Warren did come downstairs to make their apologies, explaining that Agnes wasn’t feeling very well. But by then the Hocketts had gone home, and Lily and his mother and Aunt Audra were playing cards. He didn’t even notice that Lily was utterly silent and her face was blank. His mother said to thank Agnes for the lovely pie and went back to studying her cards. But Lily didn’t say a word. She was still shocked with distress. For all intents and purposes, Lily Scofield Butler had been deserted by a man who didn’t understand that he should always be hers alone.

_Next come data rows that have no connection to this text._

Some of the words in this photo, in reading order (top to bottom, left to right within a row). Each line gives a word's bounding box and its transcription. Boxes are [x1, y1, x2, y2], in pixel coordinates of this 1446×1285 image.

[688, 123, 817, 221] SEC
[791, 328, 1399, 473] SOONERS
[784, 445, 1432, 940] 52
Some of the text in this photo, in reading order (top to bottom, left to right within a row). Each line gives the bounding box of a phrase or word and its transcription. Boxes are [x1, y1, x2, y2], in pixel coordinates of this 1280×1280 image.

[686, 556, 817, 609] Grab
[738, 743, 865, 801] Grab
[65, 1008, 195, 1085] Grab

And during Agnes and Warren’s entire stay it never occurred to Agnes—or to Warren either, for that matter—that night after night in the bedroom just beneath hers and Warren’s, Lillian Scofield lay awake nearly driven to distraction by the unequivocal sounds above her head. Neither did either one of them ever think about the fact that just on the other side of the bedroom wall, Lily Butler lay with her pillow over her ears until finally she pushed her bed to the other side of the room, the headboard against an outside wall, even though with this new arrangement the doorway was partially blocked and she had to edge her way in and out of her bedroom. She lay night after night all by herself, trying to think of nothing at all, but generally she only slept fitfully in her solitary, lumpy feather bed.
Warren’s mother had assumed that in her own house in Washburn the two would be less giddy, less delighted with each other, at least in the company of the rest of the family. But when they all got settled back at Scofields there was no change at all. In fact, the familiarity of her own house somehow increased Lillian’s discomfort, and she began to feel affronted. Agnes should know better. Any well-bred girl should certainly know better.

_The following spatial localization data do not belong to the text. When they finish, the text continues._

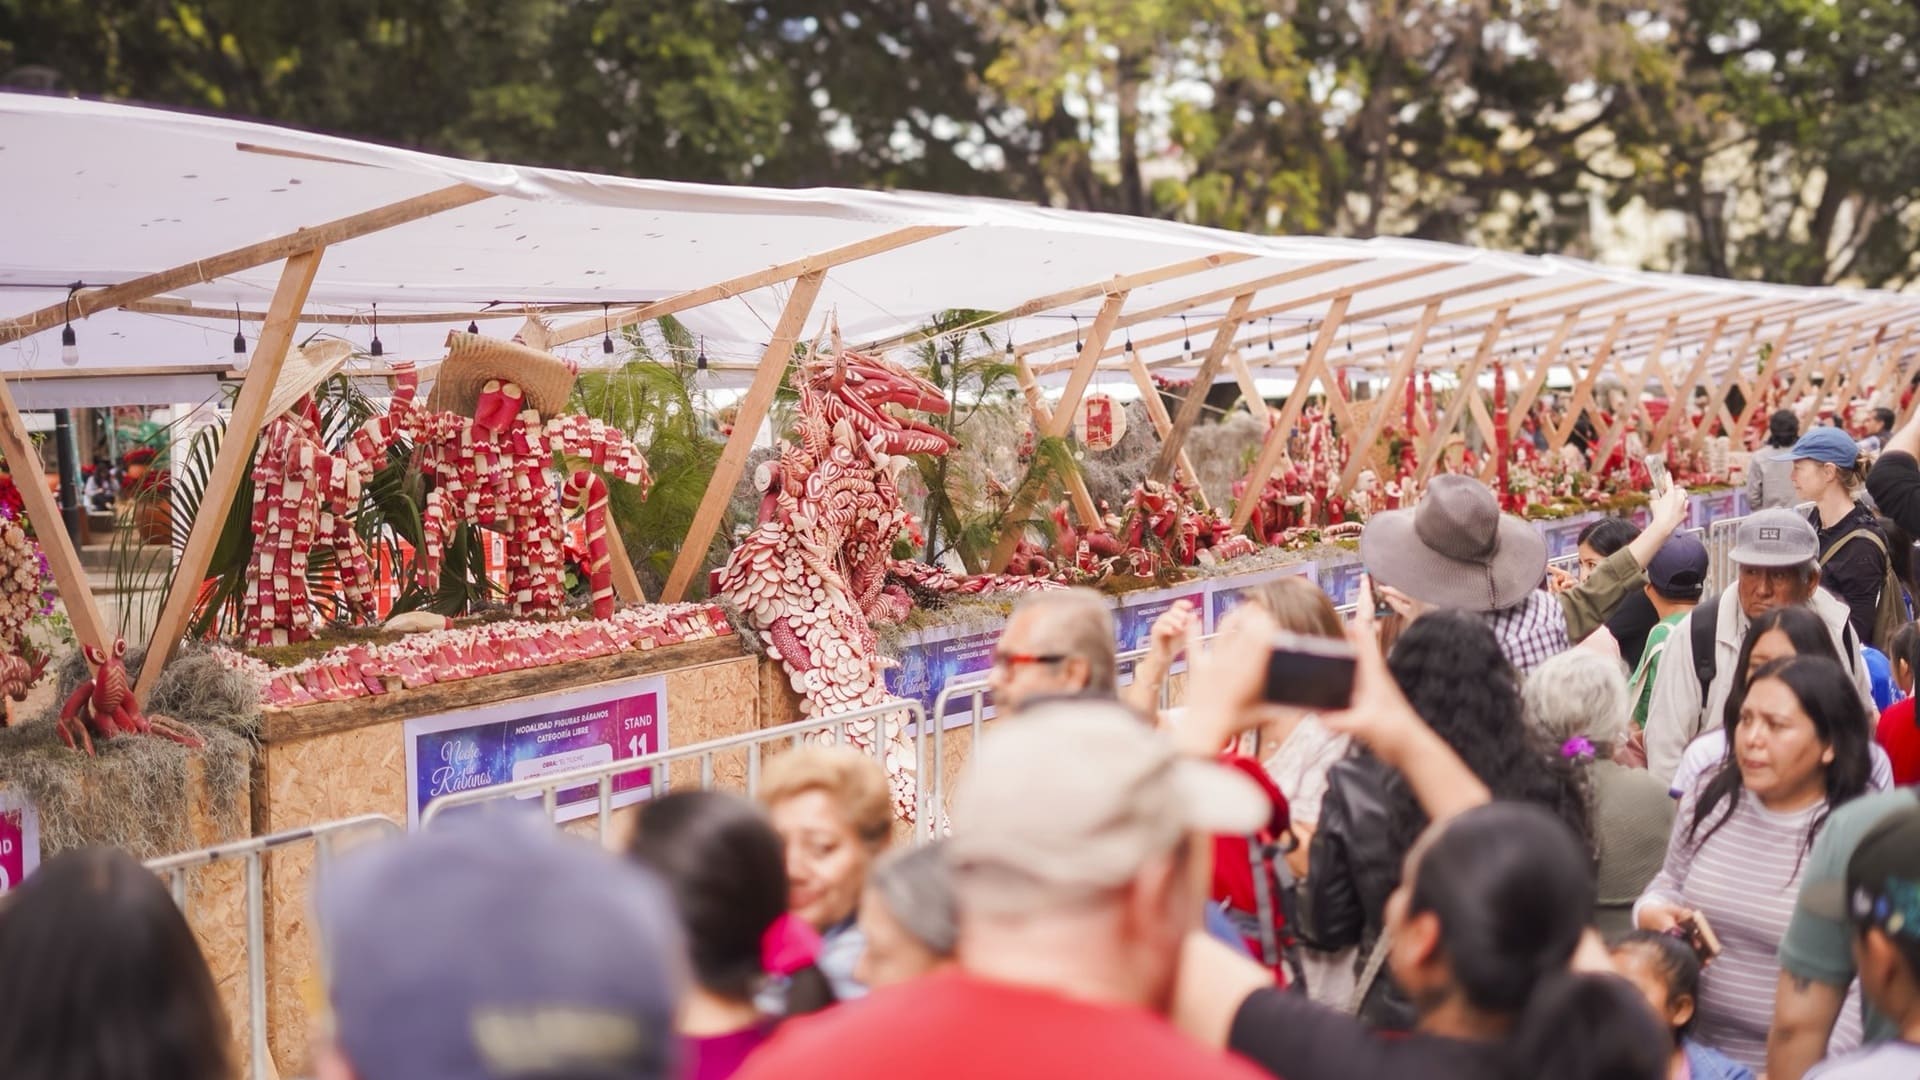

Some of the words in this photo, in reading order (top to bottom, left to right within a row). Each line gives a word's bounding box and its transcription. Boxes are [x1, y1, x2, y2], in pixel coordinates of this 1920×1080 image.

[515, 720, 553, 735] MODALIDAD
[554, 715, 581, 728] FIGURAS
[581, 709, 609, 722] RÁBANOS
[536, 728, 571, 744] CATEGORÍA
[572, 725, 589, 737] LIBRE
[624, 714, 653, 730] STAND
[441, 740, 481, 767] Noche
[629, 733, 647, 759] 11
[430, 765, 493, 797] Rábanos

When Lillian went next door each afternoon to visit her sister, Audra, she would spin out her woes obliquely as the two of them settled in Audra’s little sitting room off the parlor. “I don’t
begrudge
them . . . . It isn’t that there’s anything wrong about it. Oh, I know that, Audra. I don’t want to sound as if I don’t approve . . . or that I
do . . .
Well, I just don’t know! It makes me so uncomfortable. It’s more than I should know . . . more than is any of my business about Warren’s marriage.”
Audra laughed, and Lillian was irritated. Her sister couldn’t know the strained atmosphere of the household. Every encounter with any other person was peculiarly fraught with self-consciousness in the face of the heavy atmosphere of sexuality that lurked throughout the rooms, almost as though it were corporeal, murkily drifting like ground fog in the stairwells and through the shadowy hallways.
“But think about it, Lillian.” Audra infused her voice with enthusiasm in an effort to invoke the same emotion in her sister. “They must be happy together. And it seems likely to me you’ll have a grandchild pretty soon. I wish I could say the same for myself. I think it’s been hard on Lily and Robert. And, Lillian,” she said, her voice less bright, “when you remember losing Harold and poor James . . . Warren and Agnes have plenty ahead of them they’ll have to get through. If they’re being foolish now . . . Oh, and I remember how much Leo and I longed for children.” She smiled at her sister, and the inflection of her voice lightened. “I have to say I think it’s much easier to be hoping for grandchildren!”
But Lillian snapped at her. “Oh, well!” she said. “If I were you I’d be careful what you wish for!” Lillian didn’t consider herself straitlaced, but there seemed to her something unnerving and overcharged about the playing out of Warren and Agnes’s intense early lust. And, too, inevitably the unbridled sensuality at loose in her household seemed to her somehow to be an indictment of herself. She had seen her husband glance after Agnes whenever she came or went, and Lillian wanted to shake him, to say to him that the girl transgressed decorum, to tell him that Agnes should be more discreet, that in some way his daughter-in-law was flaunting herself. But even as Lillian thought it she knew it wasn’t true; Agnes was unaware of anything amiss in her new household. And then Lillian would be embarrassed on her husband’s behalf and worried that Warren might also have noticed his father’s unbecoming interest in the nineteen-year-old girl among them.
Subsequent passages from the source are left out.